Extracted records
::::::::::

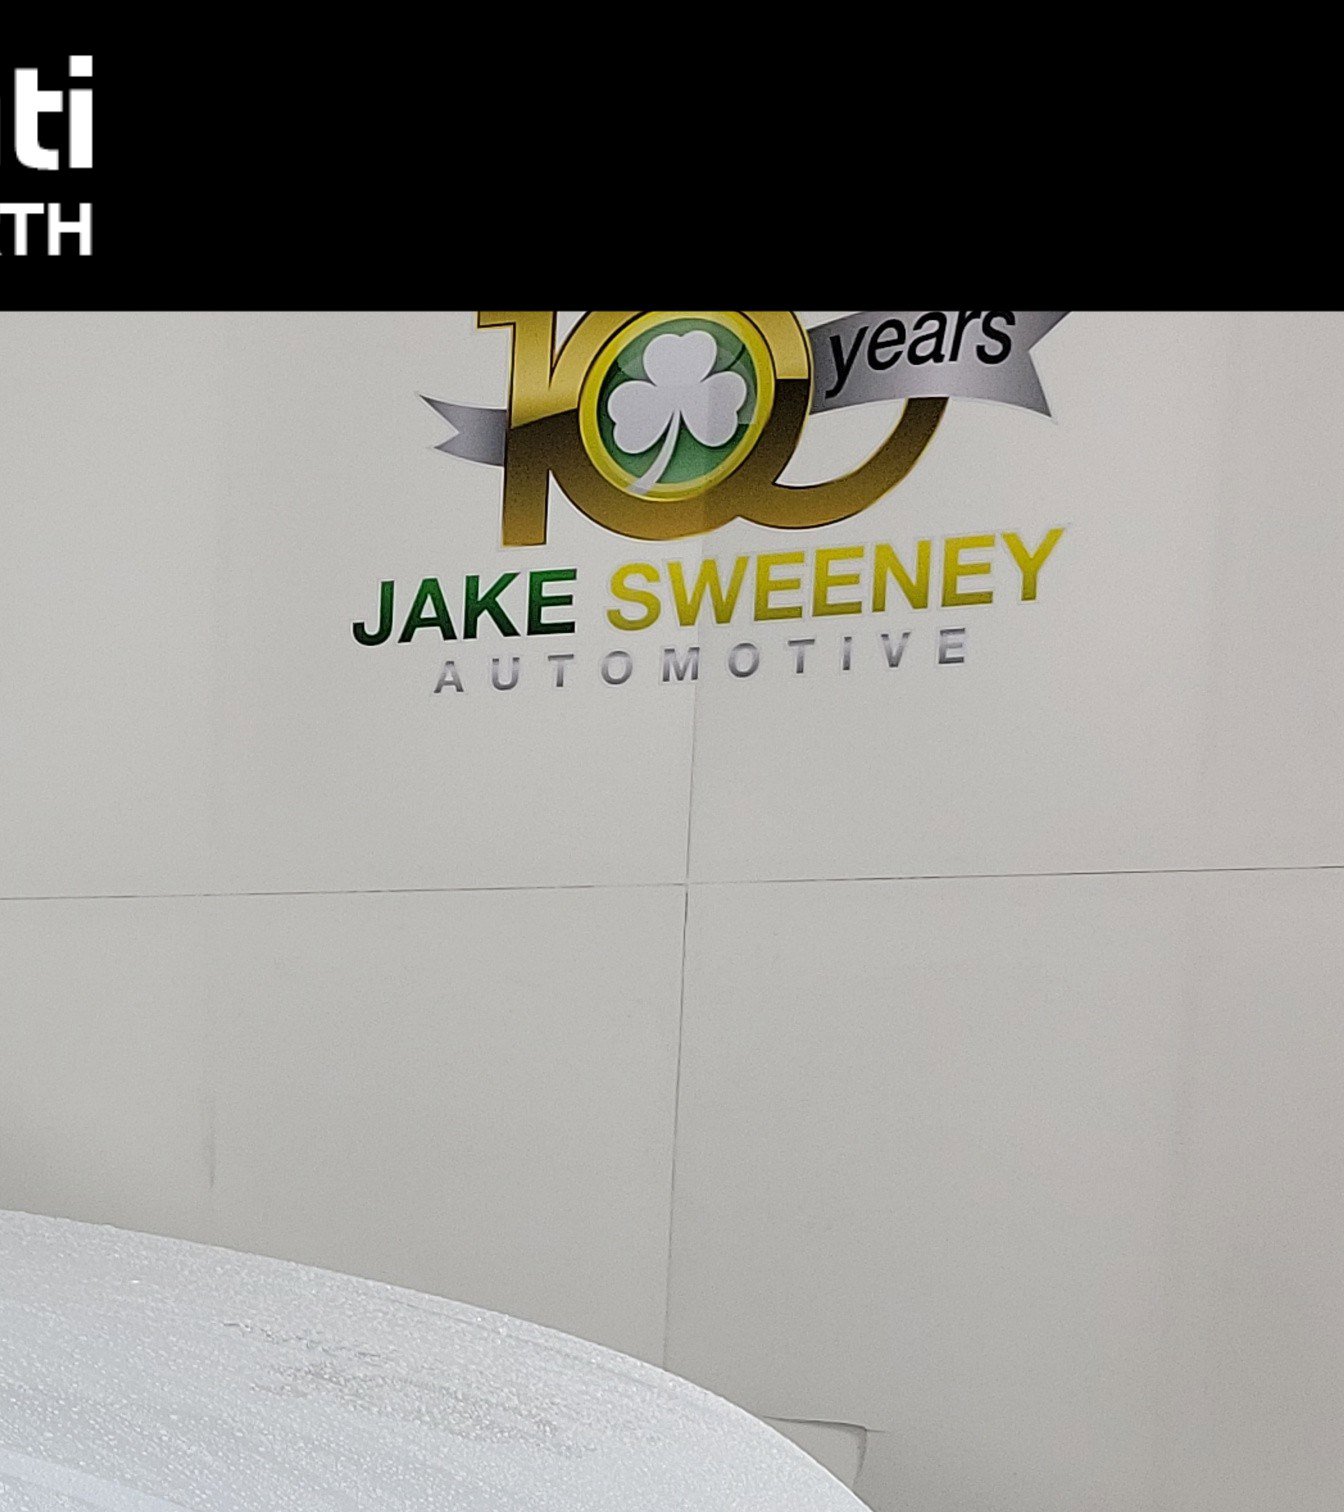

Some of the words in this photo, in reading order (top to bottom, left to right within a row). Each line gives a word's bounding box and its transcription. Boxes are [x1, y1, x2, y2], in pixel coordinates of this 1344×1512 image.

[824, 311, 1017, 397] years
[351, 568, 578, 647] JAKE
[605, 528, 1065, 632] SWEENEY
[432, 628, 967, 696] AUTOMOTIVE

::::::::::

Required action
What's needed here is an exact repeat of all the records above, pictures excluded.

Result
Some of the words in this photo, in reading order (top to bottom, left to right within a row). Each line gives a word's bounding box and its transcription. Boxes are [x1, y1, x2, y2], in pixel coordinates of this 1344×1512 image.

[824, 311, 1017, 397] years
[351, 568, 578, 647] JAKE
[605, 528, 1065, 632] SWEENEY
[432, 628, 967, 696] AUTOMOTIVE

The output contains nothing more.